## Directions for this task:
Without copying the images, write out all the entries below verbatim.

▼

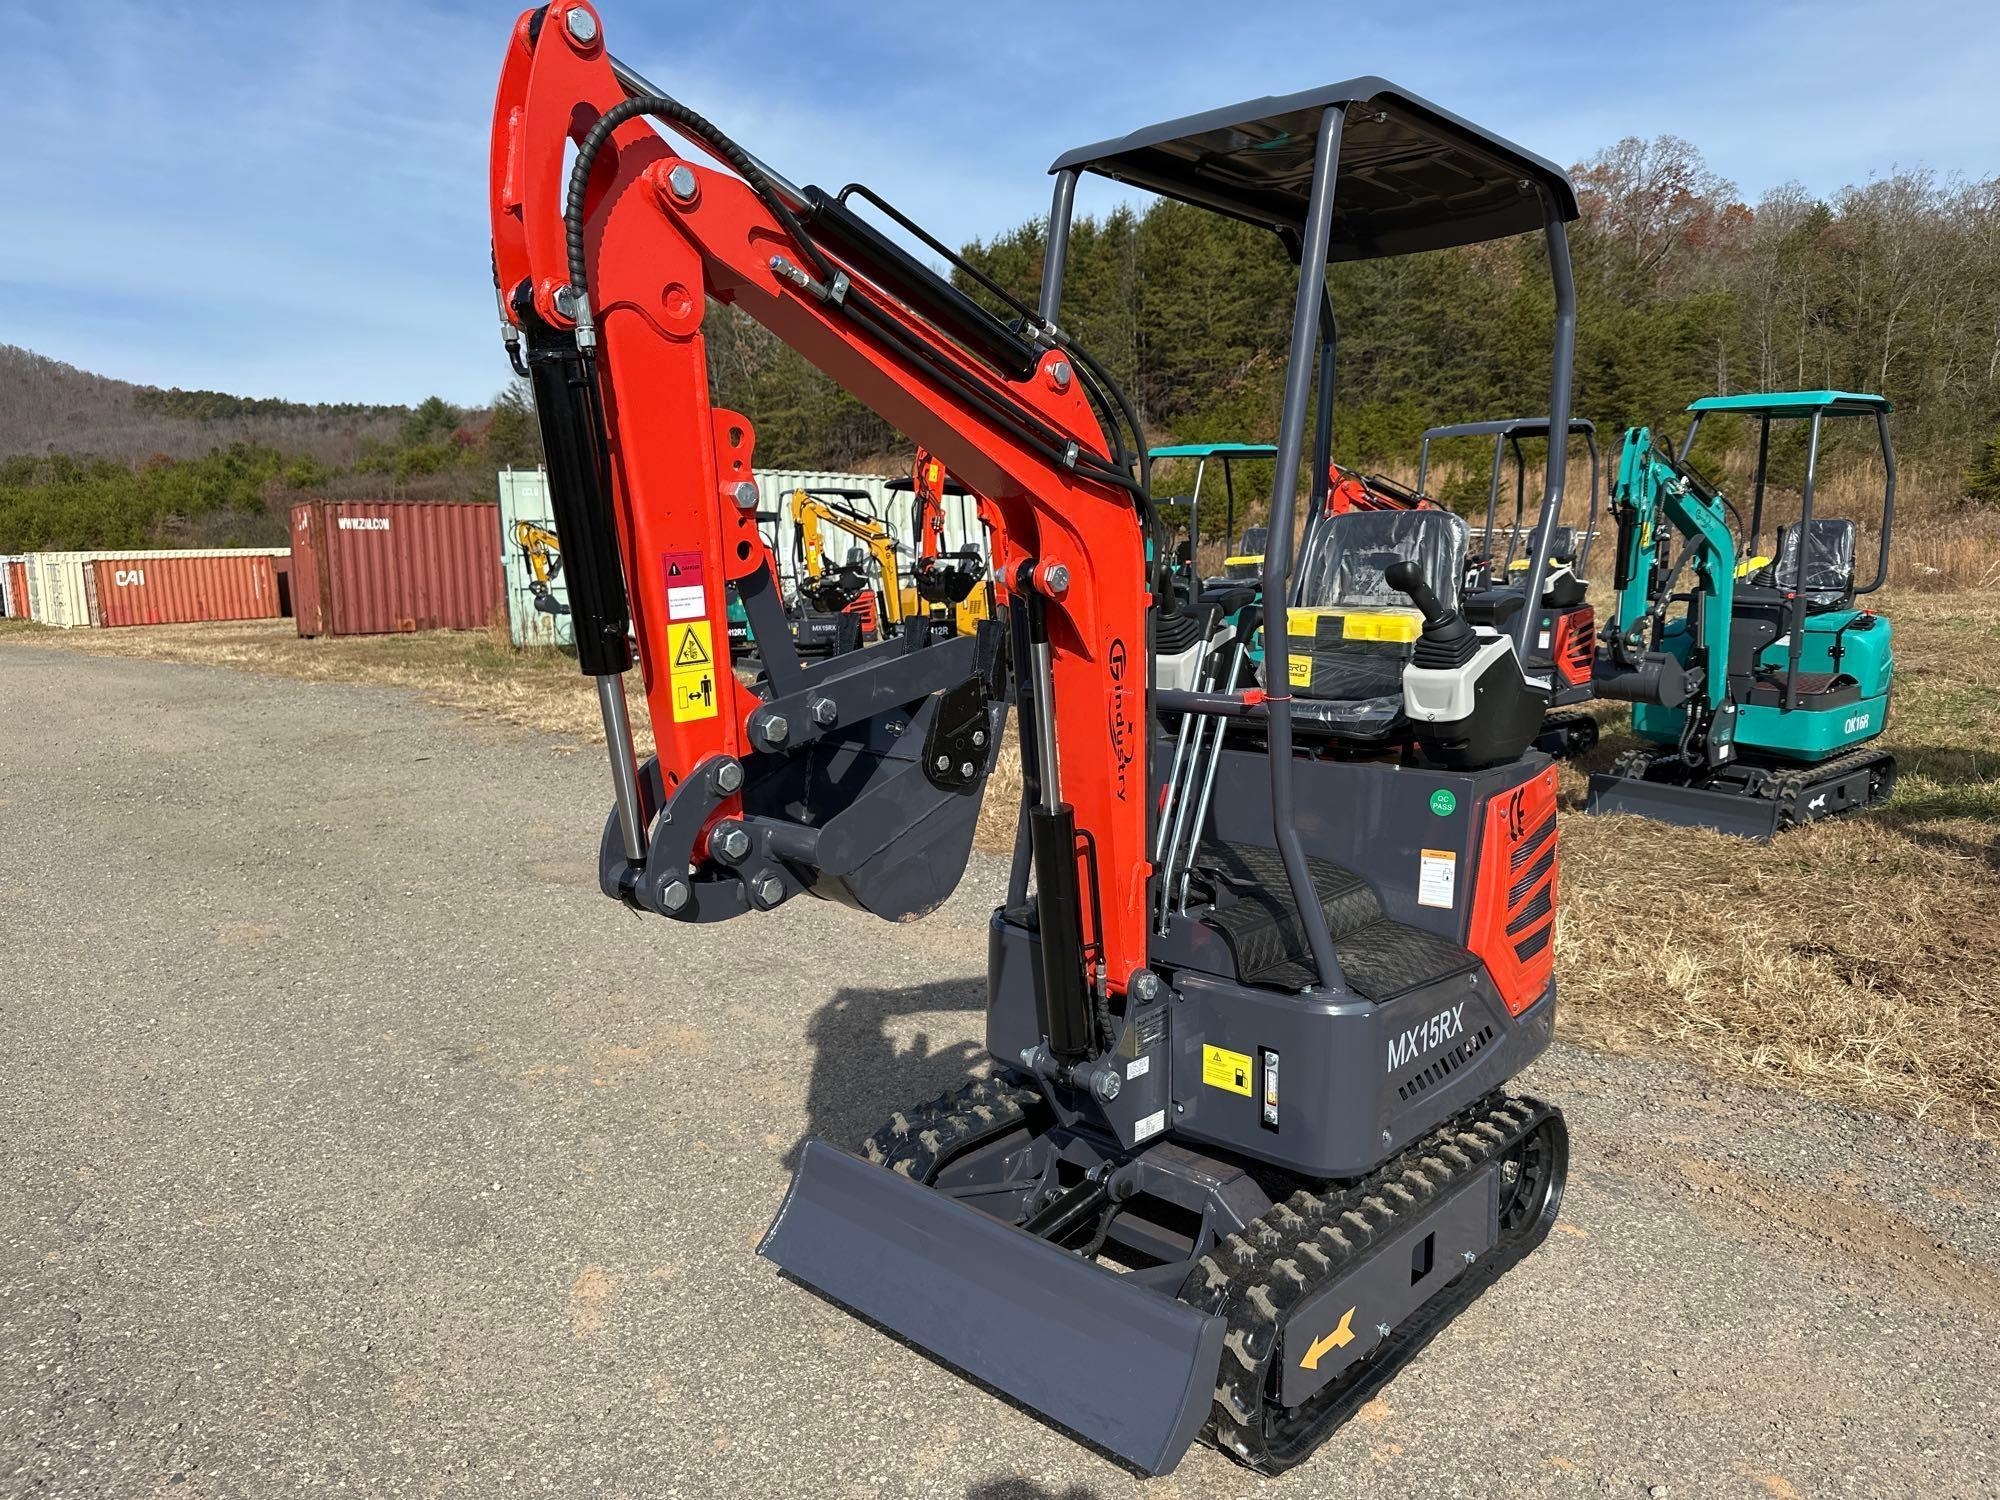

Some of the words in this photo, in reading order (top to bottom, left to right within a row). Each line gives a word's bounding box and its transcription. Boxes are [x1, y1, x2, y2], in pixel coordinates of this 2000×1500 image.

[115, 570, 146, 587] CAI
[1437, 795, 1449, 803] QC
[1432, 802, 1453, 811] PASS
[1387, 1001, 1465, 1074] MX15RX

▲

## Output below:
Some of the words in this photo, in reading order (top to bottom, left to right within a row). Each line gives a word's bounding box and its transcription. Boxes are [x1, y1, x2, y2], in pixel coordinates of this 2000×1500 image.

[115, 570, 146, 587] CAI
[1437, 795, 1449, 803] QC
[1432, 802, 1453, 811] PASS
[1387, 1001, 1465, 1074] MX15RX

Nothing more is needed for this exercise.